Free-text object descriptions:

⟨

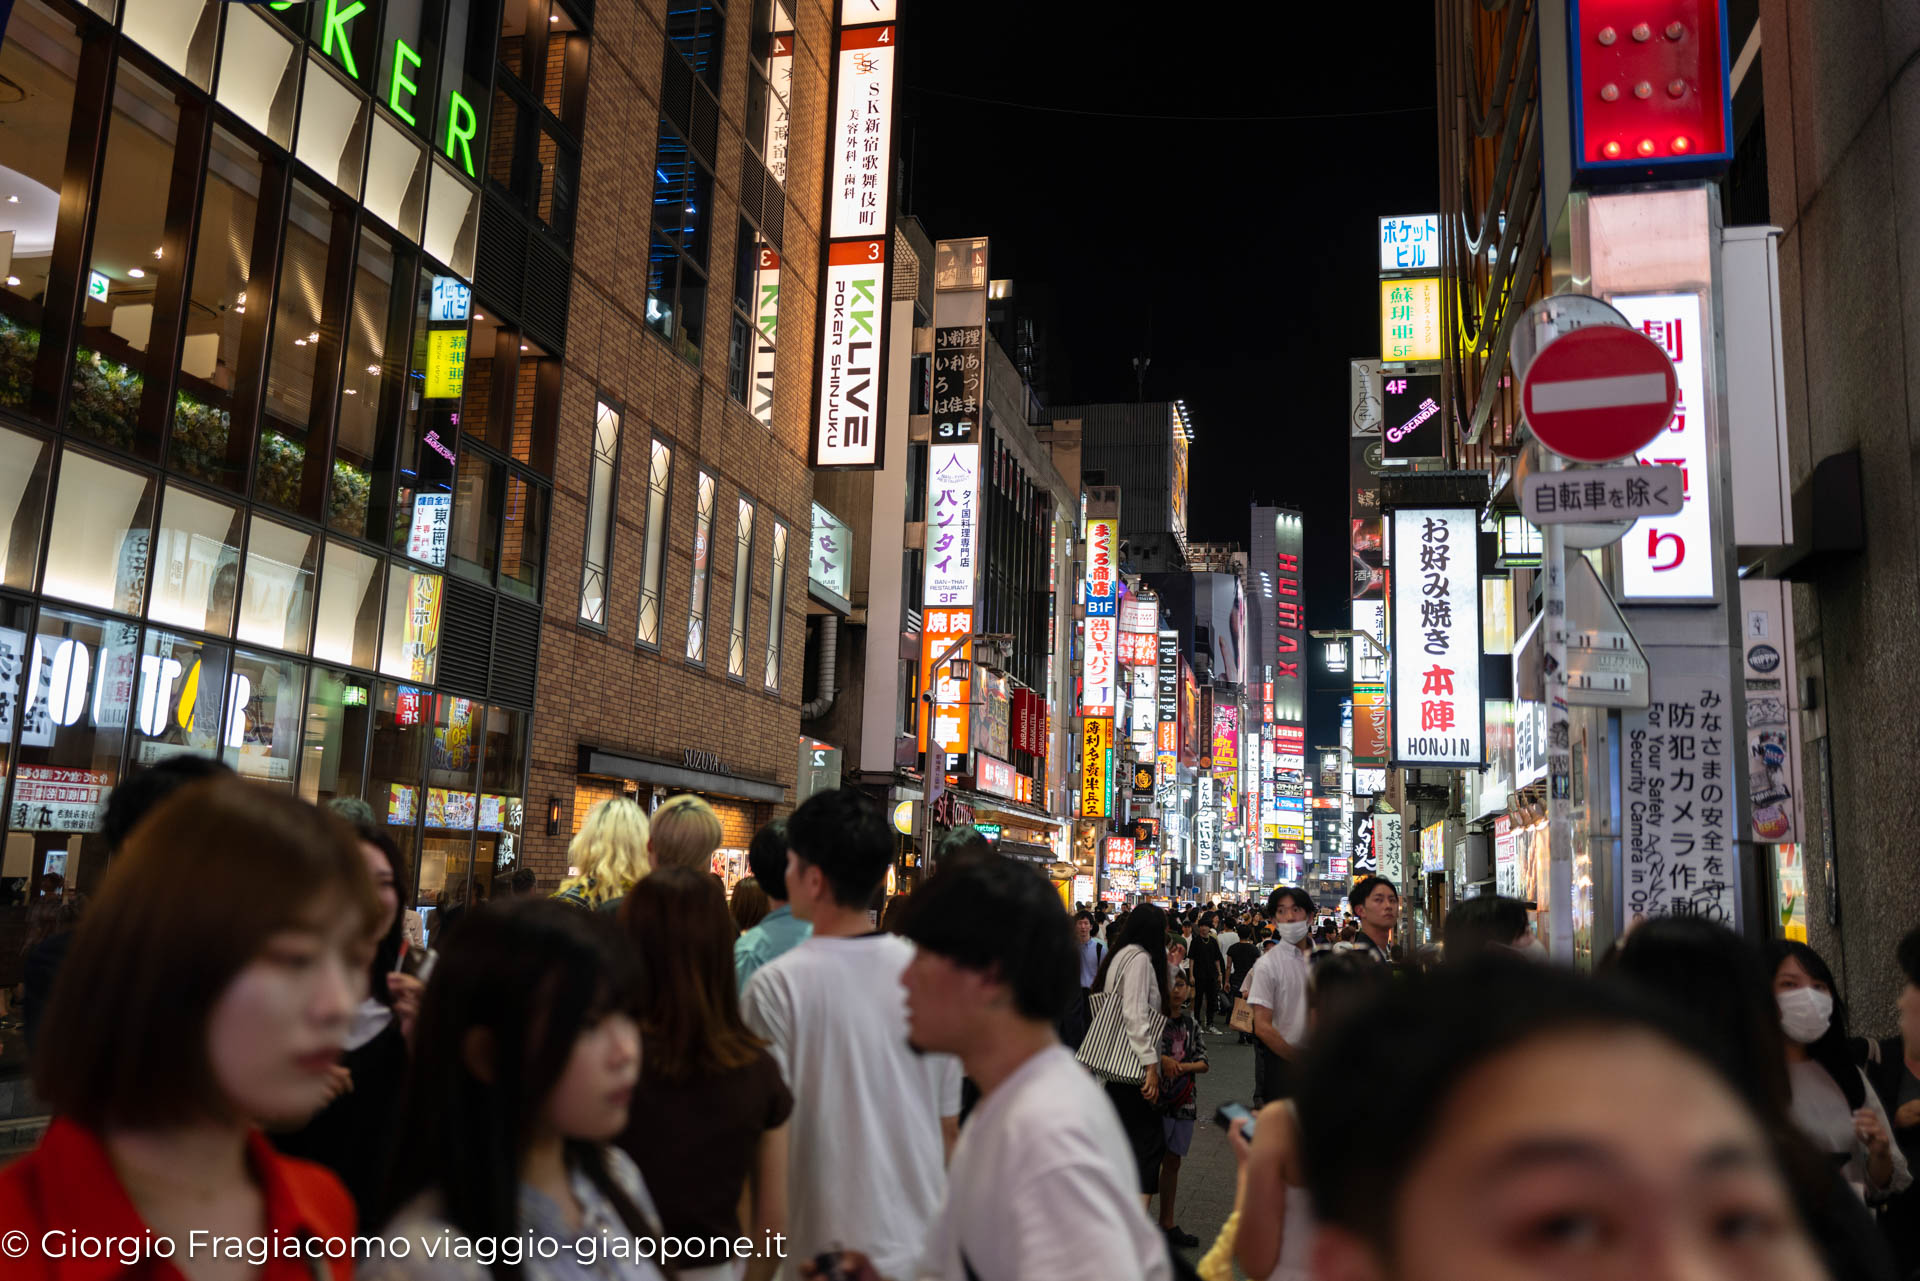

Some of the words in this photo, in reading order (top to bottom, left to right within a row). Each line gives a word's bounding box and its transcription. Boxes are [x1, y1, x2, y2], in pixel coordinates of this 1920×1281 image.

[877, 27, 890, 44] 4
[271, 0, 476, 178] KER
[843, 108, 860, 200] 美容外科・歯科
[858, 82, 881, 226] SK新宿歌舞伎町
[1383, 218, 1436, 244] ポケット
[867, 243, 880, 261] 3
[1396, 244, 1426, 268] ビル
[831, 280, 846, 347] POKER
[936, 329, 981, 348] 小料理
[843, 278, 876, 448] KKLIVE
[827, 353, 841, 449] SHINJUKU
[934, 356, 950, 416] いろは
[963, 353, 980, 414] あづま
[1385, 379, 1408, 395] 4F
[938, 421, 973, 438] 3F
[1386, 403, 1441, 443] G-SCANDAL
[1535, 477, 1670, 514] 自転車を除く
[933, 488, 958, 574] バンタイ
[959, 489, 972, 568] タイ国料理専門店
[1091, 523, 1112, 598] まぐろ商店
[939, 593, 958, 603] 3F
[1420, 516, 1452, 656] お好み焼き
[926, 612, 971, 633] 焼肉
[1087, 601, 1114, 613] B1F
[1090, 706, 1107, 716] 4F
[1421, 664, 1456, 733] 本陣
[1648, 702, 1665, 729] For
[683, 747, 720, 772] SUZUYA
[945, 753, 959, 771] F
[1407, 737, 1471, 757] HONJIN
[1627, 729, 1647, 796] Security
[1648, 735, 1665, 771] Your
[1645, 777, 1665, 828] Safety
[1630, 801, 1647, 863] Camera
[1630, 869, 1647, 884] in
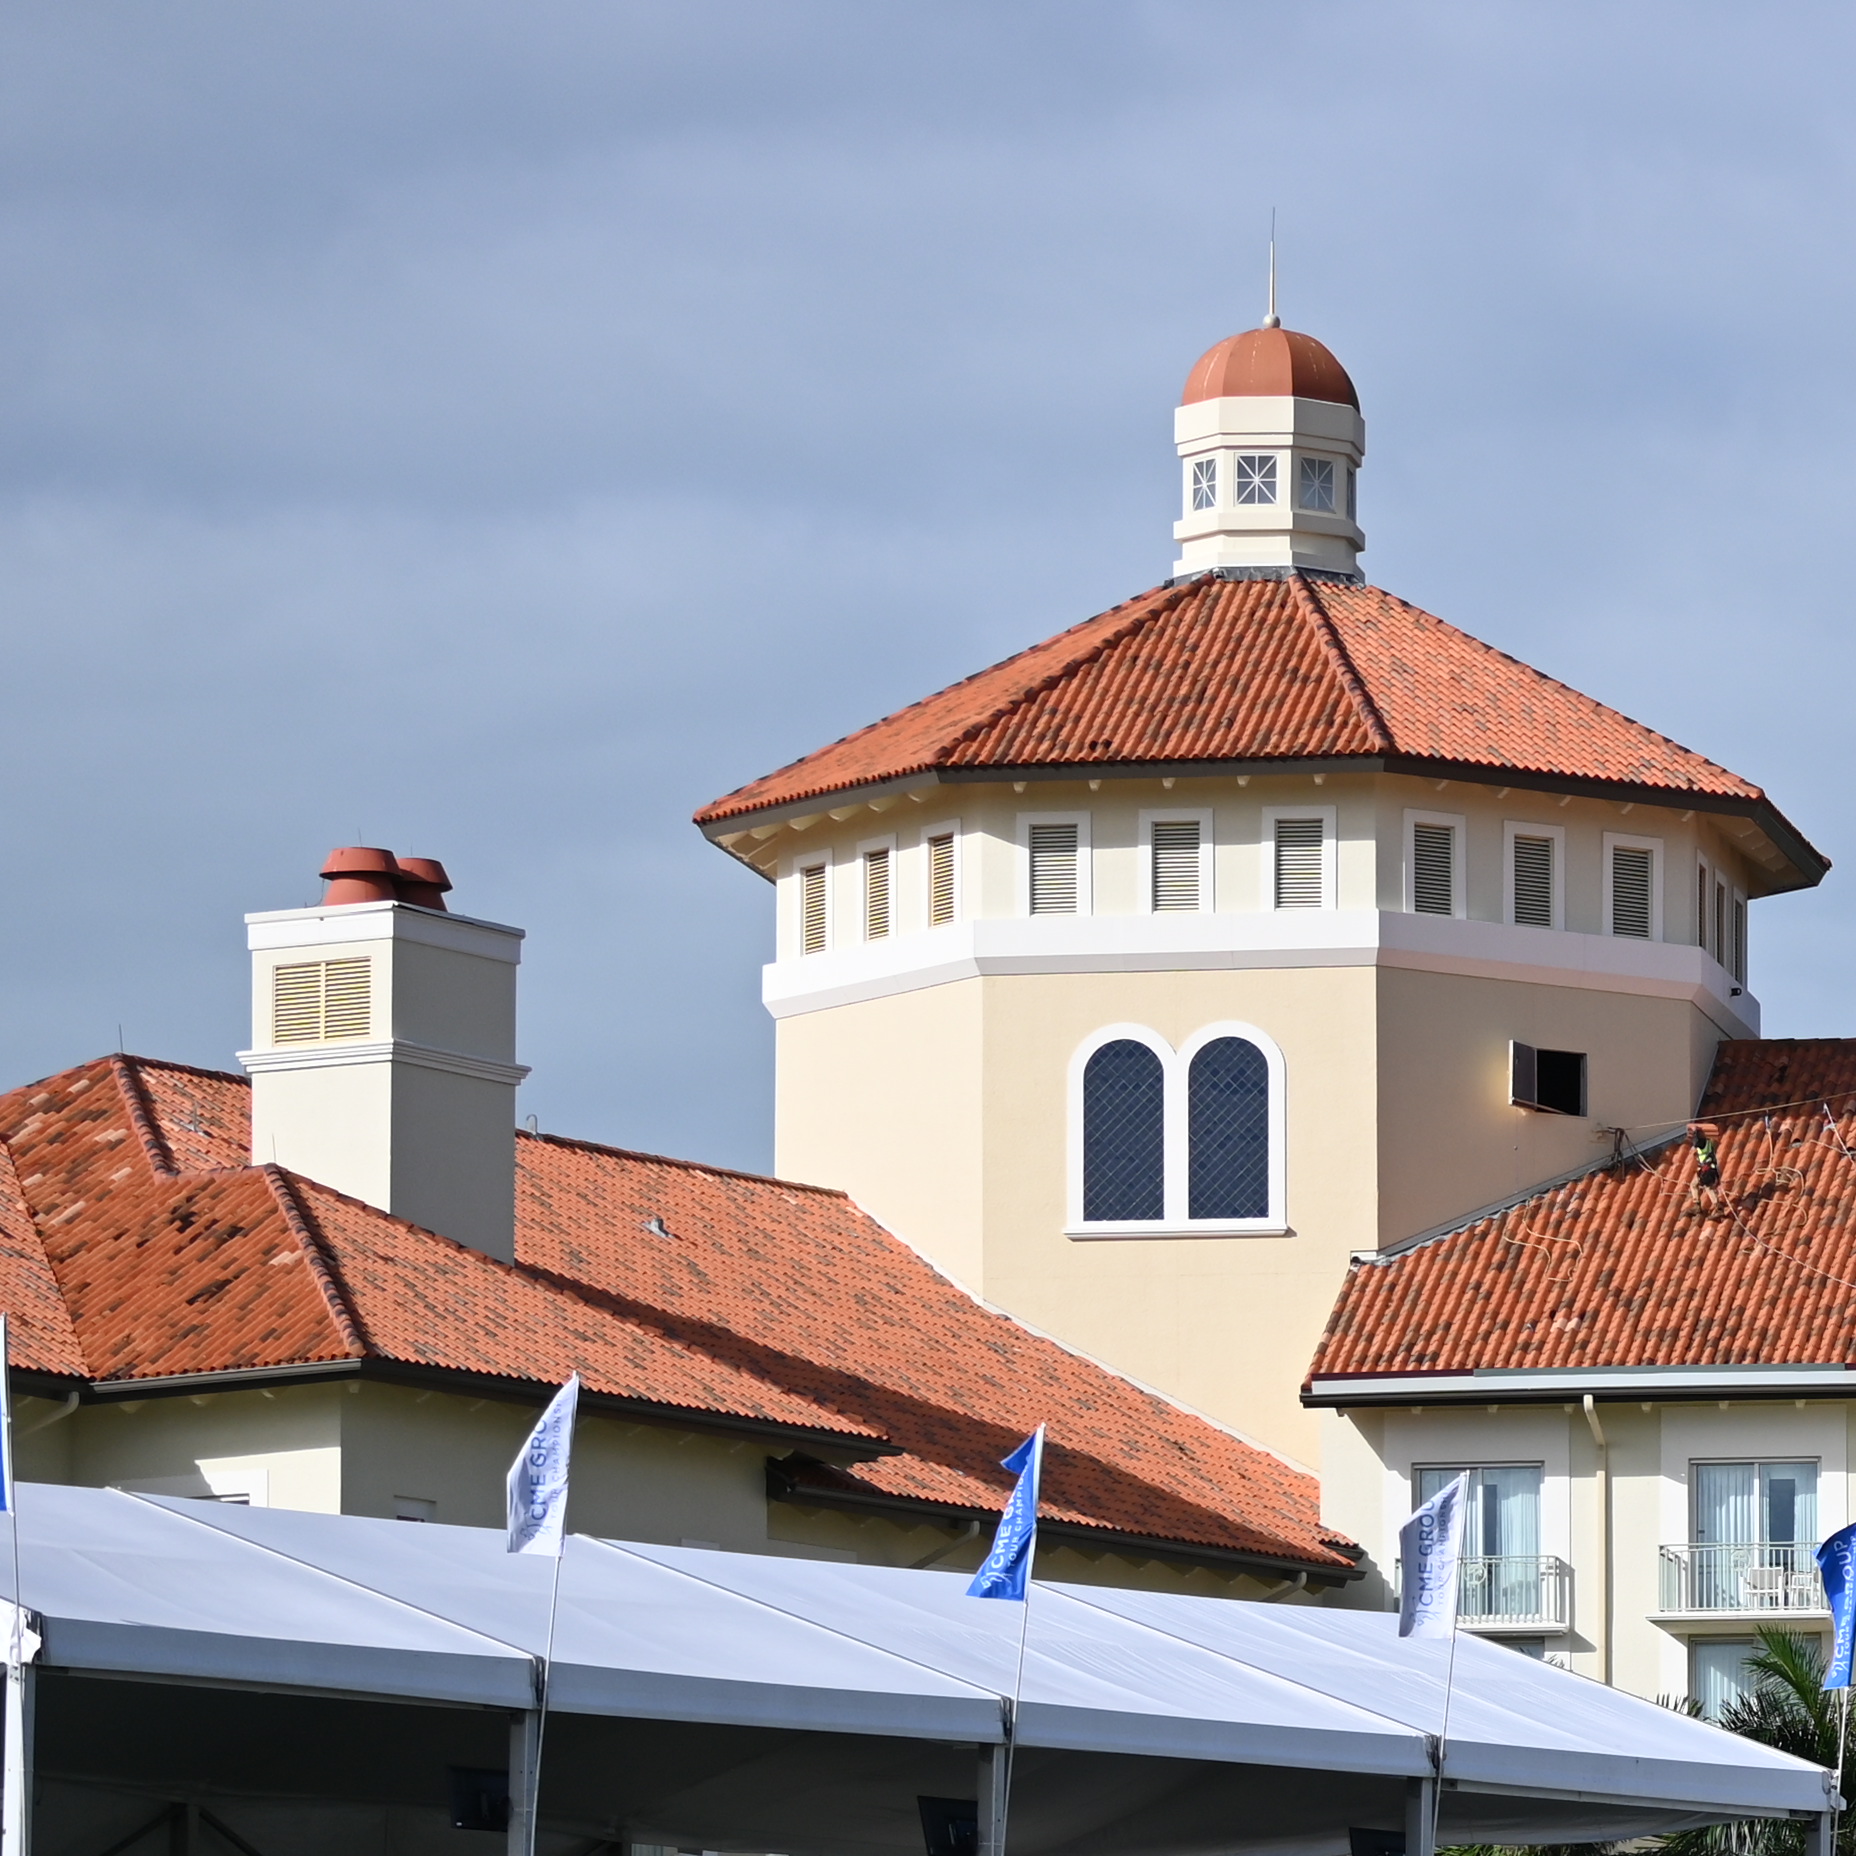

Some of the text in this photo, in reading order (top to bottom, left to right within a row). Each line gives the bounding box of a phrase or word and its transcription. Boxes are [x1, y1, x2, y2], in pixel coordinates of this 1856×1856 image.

[530, 1473, 547, 1521] CME
[991, 1525, 1012, 1569] CME
[1007, 1535, 1020, 1567] TOUR
[1418, 1500, 1436, 1606] CME GROU
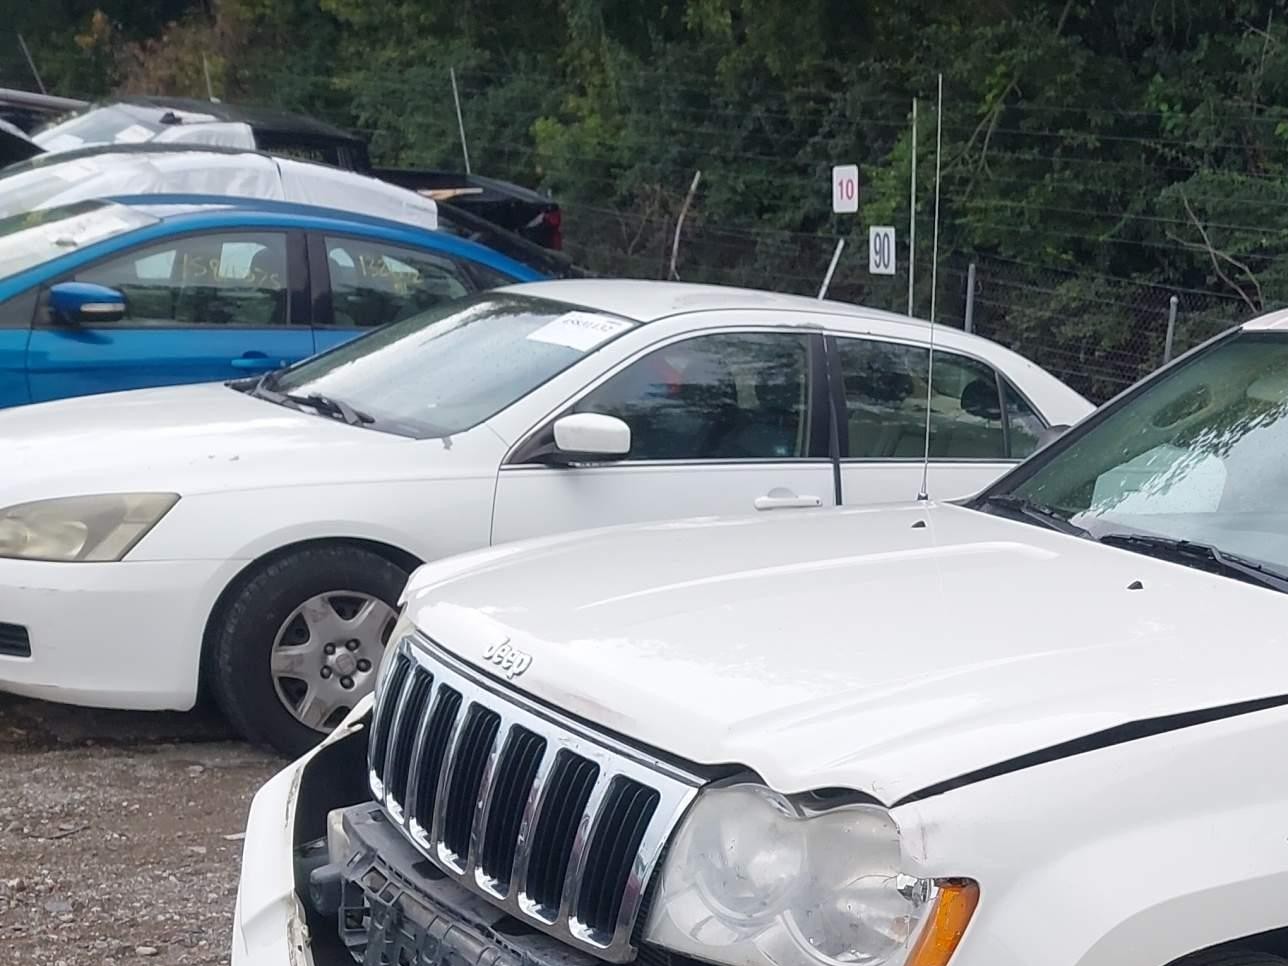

⟩

Aim of the exercise: Reproduce the data word for word; no pictures.

Finished task:
Some of the words in this photo, in reading order (top to bottom, left to right within a row). Each line gives a word's bounding box and its transcription. Boxes are [x1, y1, x2, y2], in pixel coordinates of this 1920×1281 image.

[877, 27, 890, 44] 4
[271, 0, 476, 178] KER
[843, 108, 860, 200] 美容外科・歯科
[858, 82, 881, 226] SK新宿歌舞伎町
[1383, 218, 1436, 244] ポケット
[867, 243, 880, 261] 3
[1396, 244, 1426, 268] ビル
[831, 280, 846, 347] POKER
[936, 329, 981, 348] 小料理
[843, 278, 876, 448] KKLIVE
[827, 353, 841, 449] SHINJUKU
[934, 356, 950, 416] いろは
[963, 353, 980, 414] あづま
[1385, 379, 1408, 395] 4F
[938, 421, 973, 438] 3F
[1386, 403, 1441, 443] G-SCANDAL
[1535, 477, 1670, 514] 自転車を除く
[933, 488, 958, 574] バンタイ
[959, 489, 972, 568] タイ国料理専門店
[1091, 523, 1112, 598] まぐろ商店
[939, 593, 958, 603] 3F
[1420, 516, 1452, 656] お好み焼き
[926, 612, 971, 633] 焼肉
[1087, 601, 1114, 613] B1F
[1090, 706, 1107, 716] 4F
[1421, 664, 1456, 733] 本陣
[1648, 702, 1665, 729] For
[683, 747, 720, 772] SUZUYA
[945, 753, 959, 771] F
[1407, 737, 1471, 757] HONJIN
[1627, 729, 1647, 796] Security
[1648, 735, 1665, 771] Your
[1645, 777, 1665, 828] Safety
[1630, 801, 1647, 863] Camera
[1630, 869, 1647, 884] in

Some of the text in this photo, in reading order (top to bottom, left to right within a row). Each line gives the bounding box of a phrase or word and its transcription. Boxes are [x1, y1, x2, y2], in pixel coordinates of this 1856×1856 image.

[530, 1473, 547, 1521] CME
[991, 1525, 1012, 1569] CME
[1007, 1535, 1020, 1567] TOUR
[1418, 1500, 1436, 1606] CME GROU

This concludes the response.